FlexMove: A Protocol for Flexible Addressing on Mobile Devices (MSE thesis)
Abstract:
The Internet has been a wildly successful platform for global communication. However, new
technologies are now running into its limitations. Mobile devices are becoming an increasingly
prevalent, yet the network does not support device movement in a streamlined manner. Existing
solutions either use inefficient "triangle routing" or they allow ongoing connections to break when
a device moves and rely on application-level recovery mechanisms. Similarly, virtual machine migration allows servers to change locations but runs into some of the same limitations inherent to
device movement. In addition, network-enabled devices often have more than one interface to the
Internet (e.g., Wifi and 3G) but can only use a single interface per connection.

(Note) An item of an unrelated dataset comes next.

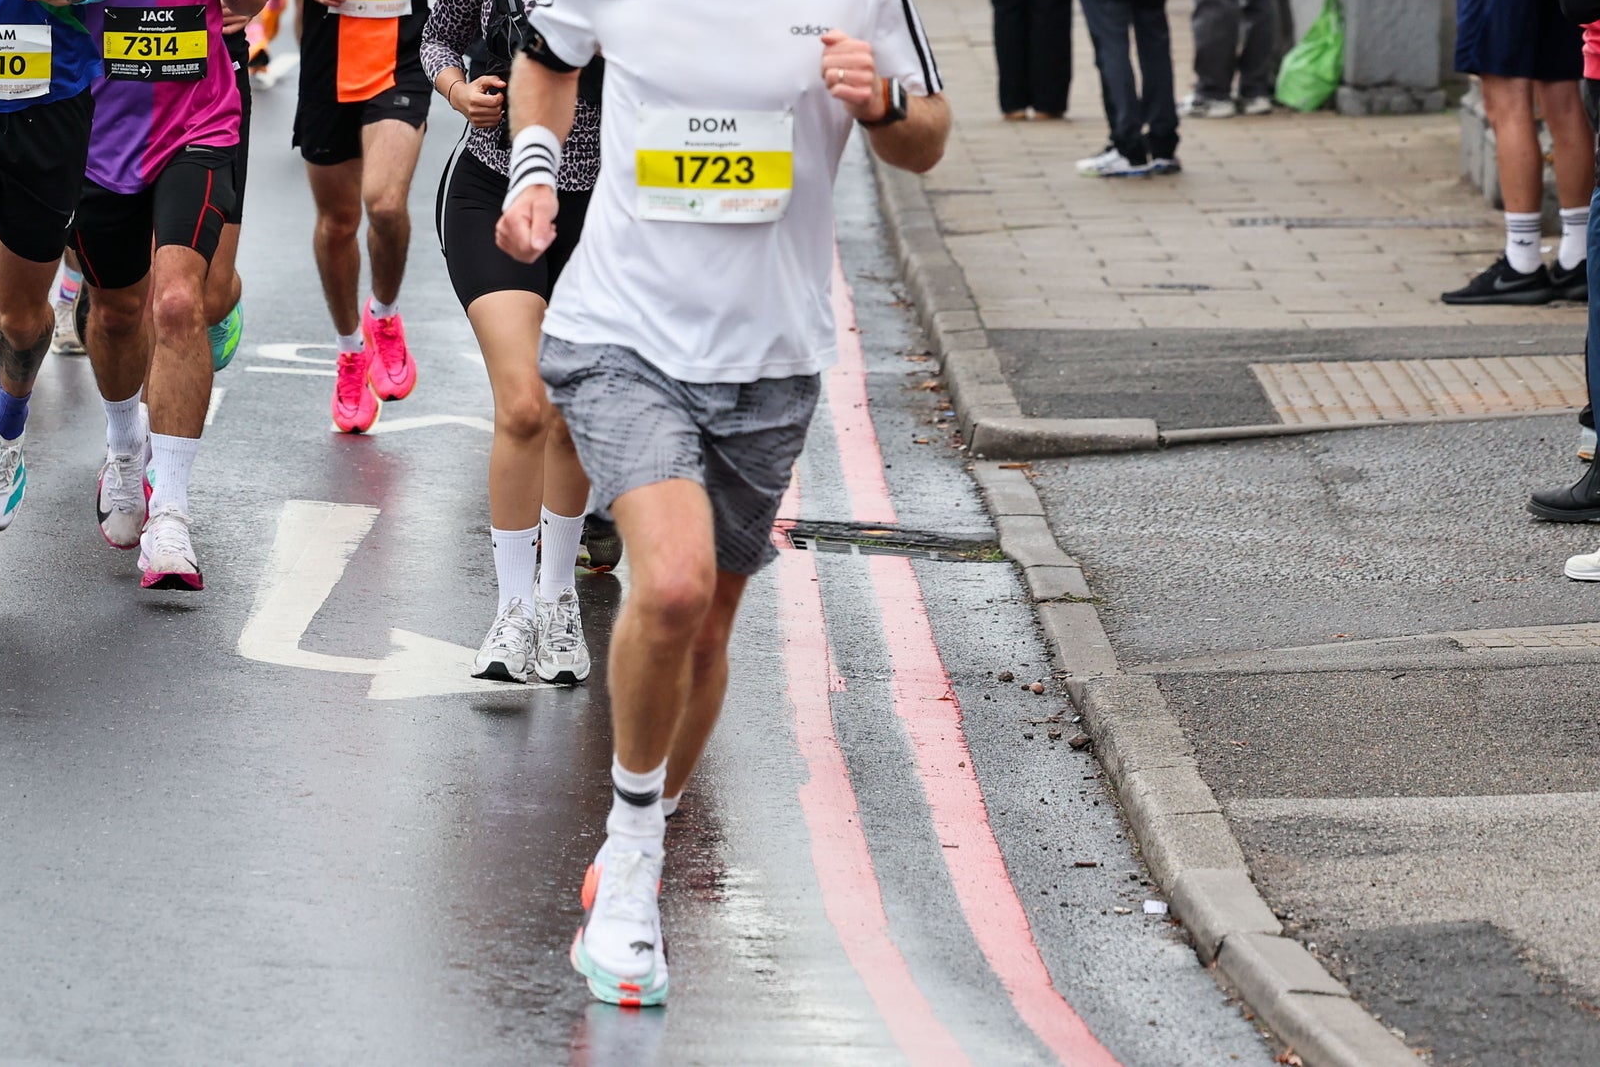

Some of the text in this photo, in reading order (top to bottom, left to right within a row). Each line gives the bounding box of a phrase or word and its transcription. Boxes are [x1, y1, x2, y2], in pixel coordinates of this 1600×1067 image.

We propose FlexMove, a protocol that operates between the network and transport layer, and that allows devices to
use multiple interface for a single connection and at the same time preserves ongoing connections
across mobility events. To avoid changing the underlying network architecture, FlexMove uses inband signaling to enable communicating hosts to update each others addresses as they move. This allows the network to support device movement while keeping addresses location-dependent. To
verify that this protocol does not exhibit misbehaviours such as livelock and deadlock, FlexMove
has been formally modeled and verified in the SPIN protocol verification tool. This verification
exhaustively verifies protocol correctness for connections with up to five device movement events
and reflects network loss and reordering.